In fondo, secondo l’opinion della Corte Suprema, negare a questi pazienti il diritto di chiedere di essere aiutati a morire interferisce irragionevolmente con la loro capacità di prendere decisioni riguardanti la loro integrità fisica e incide sulla loro libertà e sicurezza, perfino nel senso che tali soggetti possono essere spinti a decisioni estreme senza l’assistenza medica, e quindi in condizioni meno garantite.
In una forma meno diretta, anche nella giurisprudenza della Corte EDU si registrano evoluzioni interpretative che abbandonano la netta distinzione tra rifiuto di cure e richiesta di aiuto/assistenza al suicidio. E’ sufficiente confrontare la posizione espressa nel caso di Diane Pretty (2002) con le pronunce successive (Gross, Koch, Lambert). Addirittura, nel recente giudizio Mortier c. Belgio (2022), la Corte europea ha sostanzialmente legittimato il ricorso alla procedura eutanasica anche per i soggetti gravemente malati sul piano psicologico (depressione), con un ulteriore pesante slittamento rispetto ai tradizionali contesti di legittimazione del suicidio assistito e dell’eutanasia.
4. Il suicidio medicalmente assistito viene riconosciuto, in presenza di certe condizioni, anche dalla nostra Corte Costituzionale, nelle decisioni sul caso Cappato (ord. 217/2018 e sent. 242/2019). La vicenda è troppo nota e commentata, per essere necessario fare un suo riepilogo. Conviene andare direttamente al cuore della decisione della Corte.
Esiste un diritto (o una possibilità) di essere aiutati a morire, in alcuni casi anche mediante un intervento diretto a provocare la morte; e non soltanto attraverso il riconoscimento del rifiuto o della rinuncia alle cure. E’ chiaramente una ‘ricollocazione’ del ragionamento costituzionale, che il Giudice costituzionale prova ad ancorare ad una casistica definita in termini rigorosi, almeno apparentemente.
Secondo la Corte, affinchè l’aiuto e l’assistenza a morire non si configurino come reato deve ricorrere una situazione in cui “ il soggetto agevolato si identifichi in una persona (a) affetta da una patologia irreversibile e (b) fonte di sofferenze fisiche o psicologiche, che trova assolutamente intollerabili, la quale sia (c) tenuta in vita a mezzo di trattamenti di sostegno vitale, ma resti (d) capace di prendere decisioni libere e consapevoli”.
Come si può vedere, però, si tratta di requisiti che presentano alcuni margini incerti e scivolosi.

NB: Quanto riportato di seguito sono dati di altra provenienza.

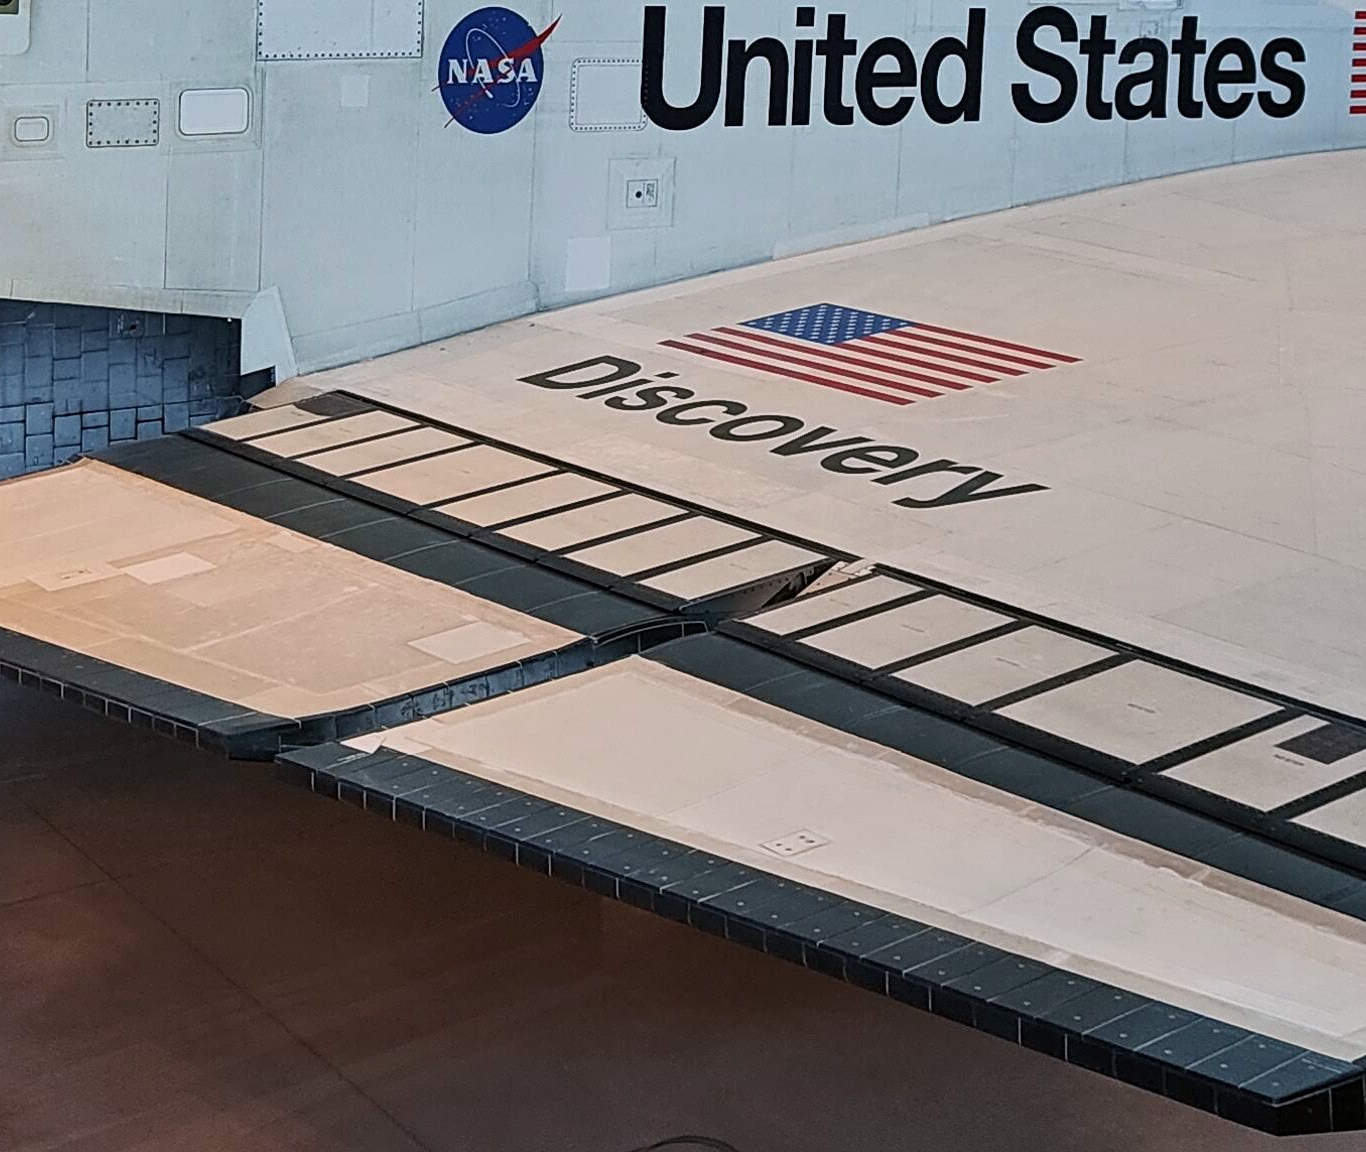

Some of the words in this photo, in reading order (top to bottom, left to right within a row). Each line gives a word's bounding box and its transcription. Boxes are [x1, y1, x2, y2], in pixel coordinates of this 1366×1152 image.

Patologia ‘irreversibile’ non significa necessariamente ‘terminale’; e, d’altro canto, le ‘sofferenze psicologiche’ sono un contenitore difficile da circoscrivere, e da capire quando siano o diventino “assolutamente intollerabili”. La patologia rilevante poi, è solo fisica o anche psichica, o può avere caratteristiche combinate?

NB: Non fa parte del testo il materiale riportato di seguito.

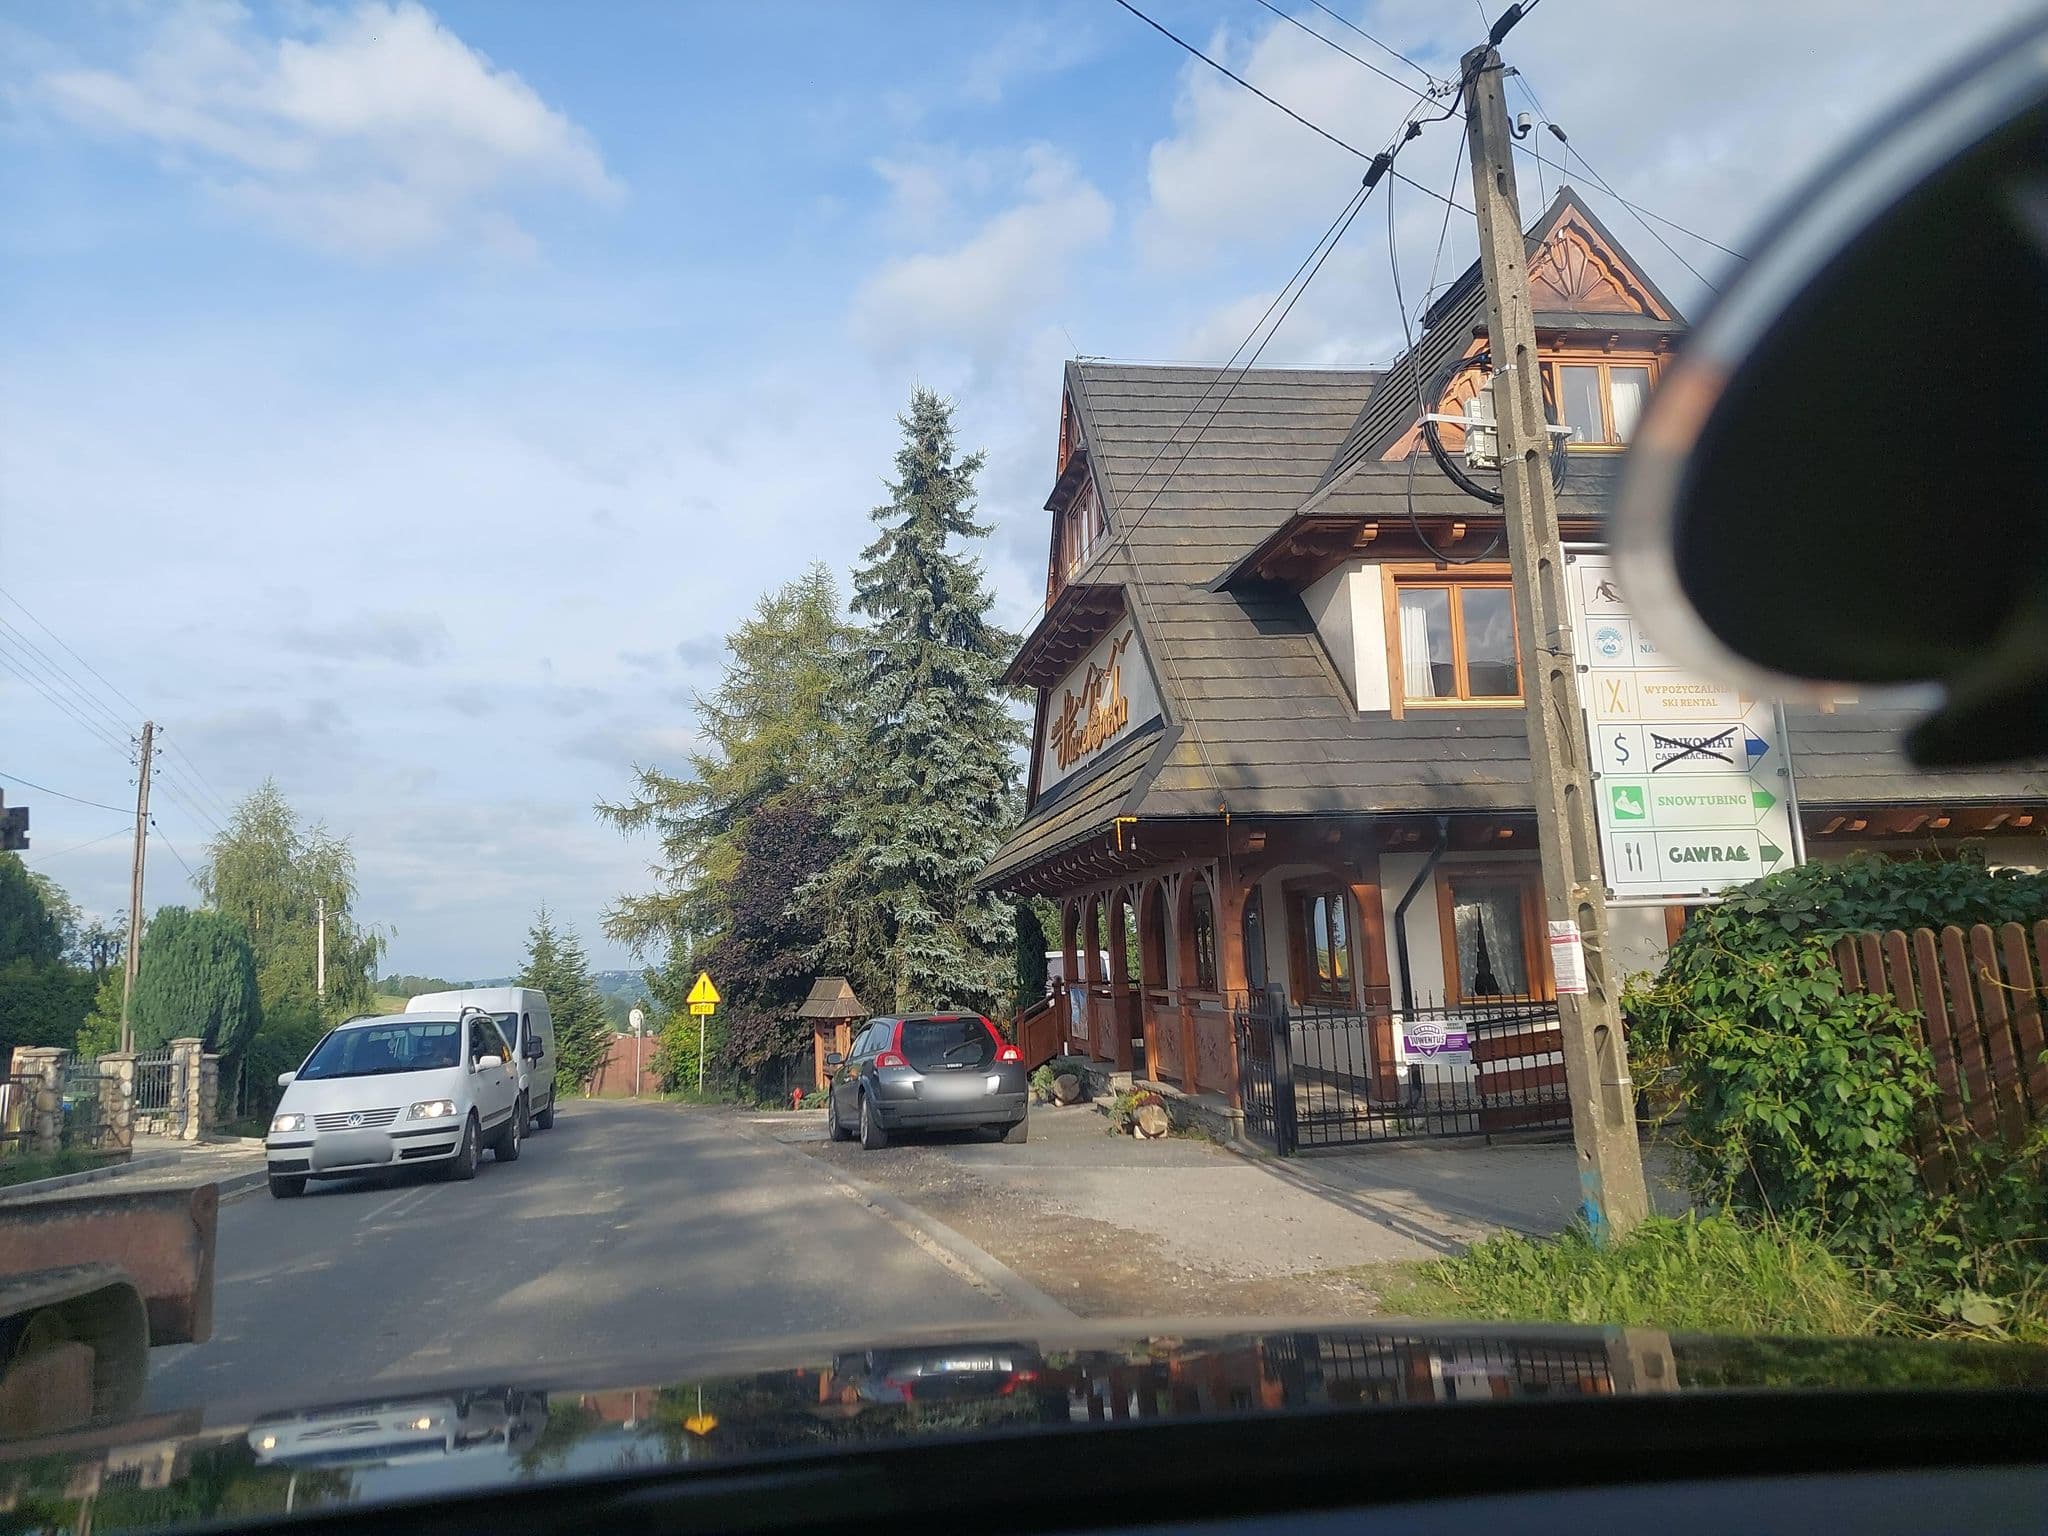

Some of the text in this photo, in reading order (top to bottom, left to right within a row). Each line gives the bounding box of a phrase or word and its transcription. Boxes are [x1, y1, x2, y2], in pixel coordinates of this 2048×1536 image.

Al centro di questa nuova concezione della salute e delle scelte sui momenti finali della propria vita, il tema del dolore, la protezione da sofferenze che in determinate circostanze siano percepite o valutabili come inutili, sproporzionate, intollerabili.
Con la legge 15 marzo 2010, n. 38 recante “Disposizioni per garantire l’accesso alle cure palliative e alla terapia del dolore”, la terapia del dolore è diventata un elemento fondamentale nel percorso di tutela della salute e della dignità della persona, al punto da inserire le cure palliative e la terapia del dolore tra i livelli essenziali di assistenza che devono essere garantiti in modo uniforme su tutto il territorio nazionale.

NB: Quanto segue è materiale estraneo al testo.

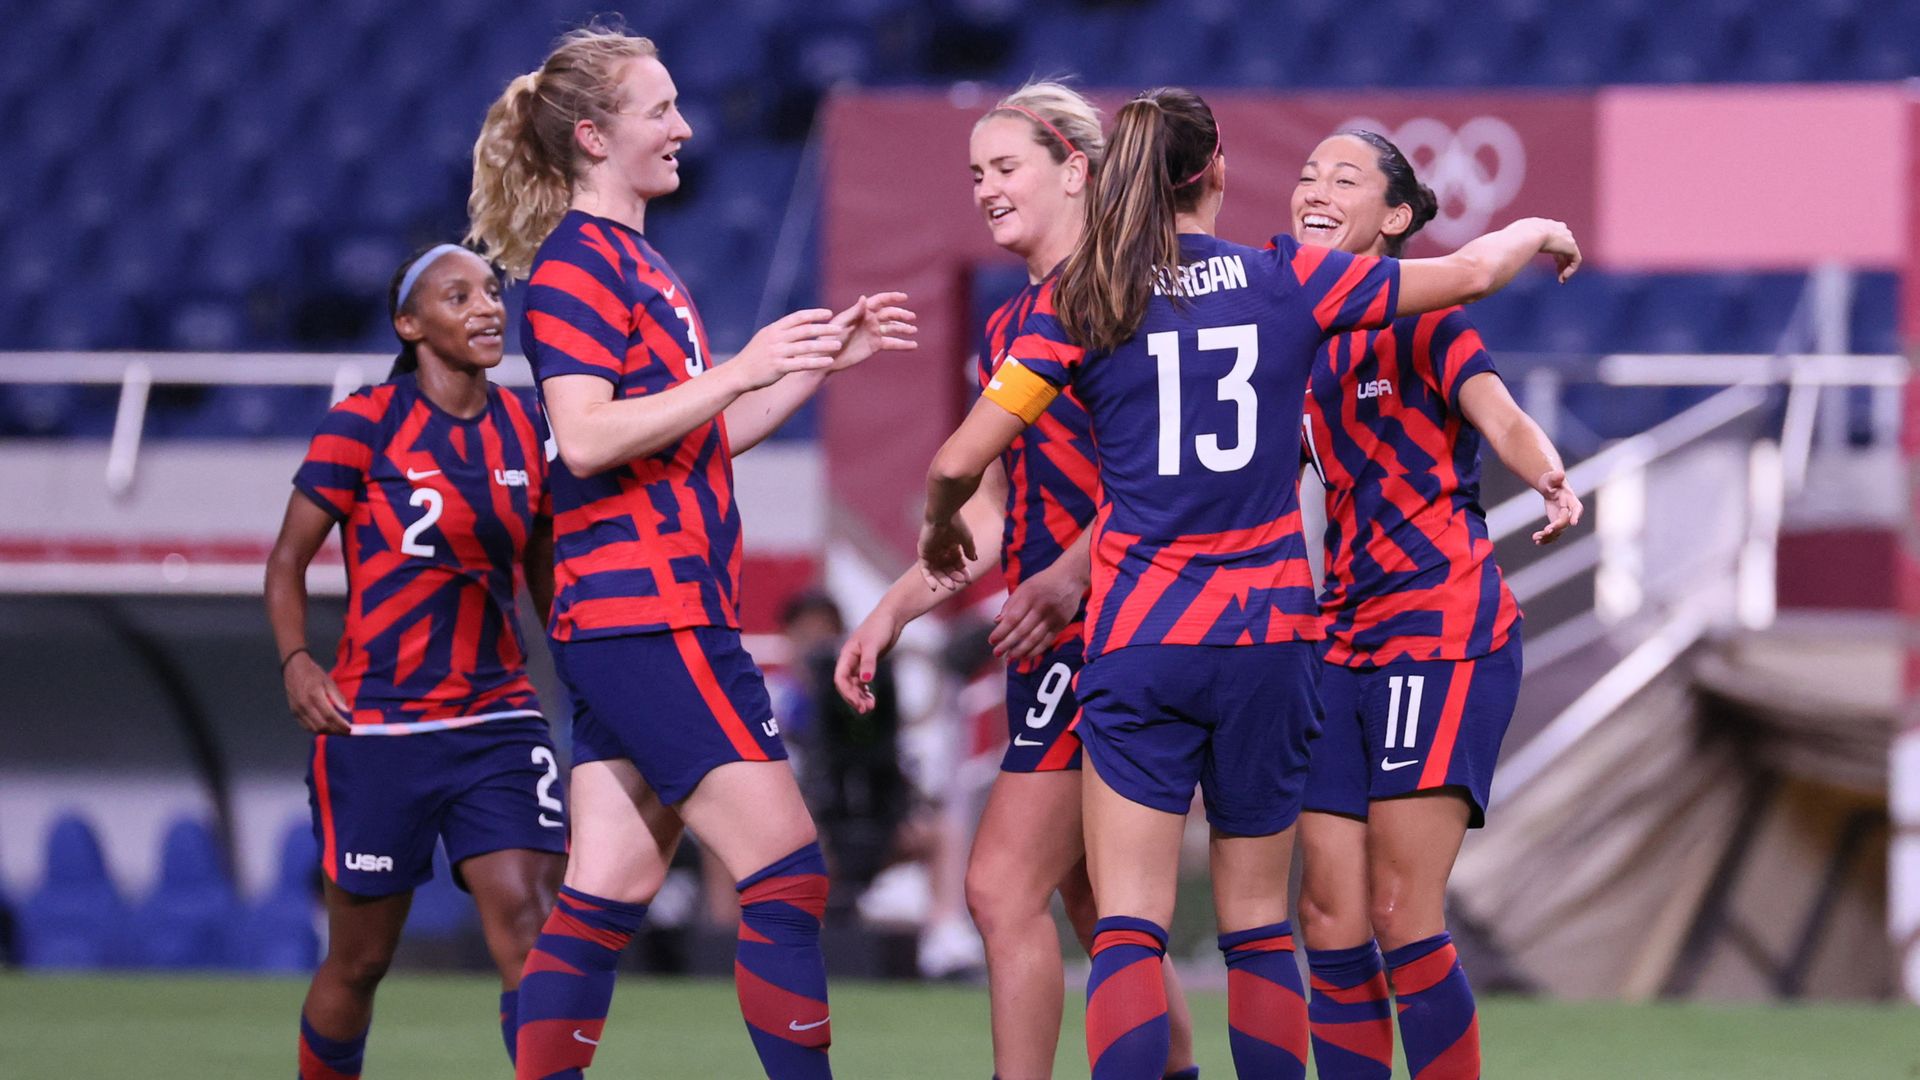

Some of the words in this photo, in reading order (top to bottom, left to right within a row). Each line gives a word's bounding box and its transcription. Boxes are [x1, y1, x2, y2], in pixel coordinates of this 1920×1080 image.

[674, 306, 704, 378] 3
[1147, 323, 1259, 476] 13
[1357, 379, 1393, 400] USA
[494, 468, 530, 487] USA
[401, 487, 444, 558] 2
[1025, 662, 1072, 729] 9
[1384, 675, 1425, 749] 11
[531, 745, 563, 813] 2
[344, 851, 394, 872] USA

Per la Corte non è irrilevante in rapporto alla dignità del paziente (alla sua visione peculiare) la lentezza o la rapidità del processo del morire; dall’altro, assume un peso anche il profilo della ‘maggiore’ sofferenza per chi sta accanto al malato nel vederlo subire un più lento processo di indebolimento progressivo delle funzioni organiche fino alla morte: “La legislazione oggi in vigore non consente, invece, al medico che ne sia richiesto di mettere a disposizione del paziente che versa nelle condizioni sopra descritte trattamenti diretti, non già ad eliminare le sue sofferenze, ma a determinarne la morte. In tal modo, si costringe il paziente a subire un processo più lento, in ipotesi meno corrispondente alla propria visione della dignità nel morire e più carico di sofferenze per le persone che gli sono care…”.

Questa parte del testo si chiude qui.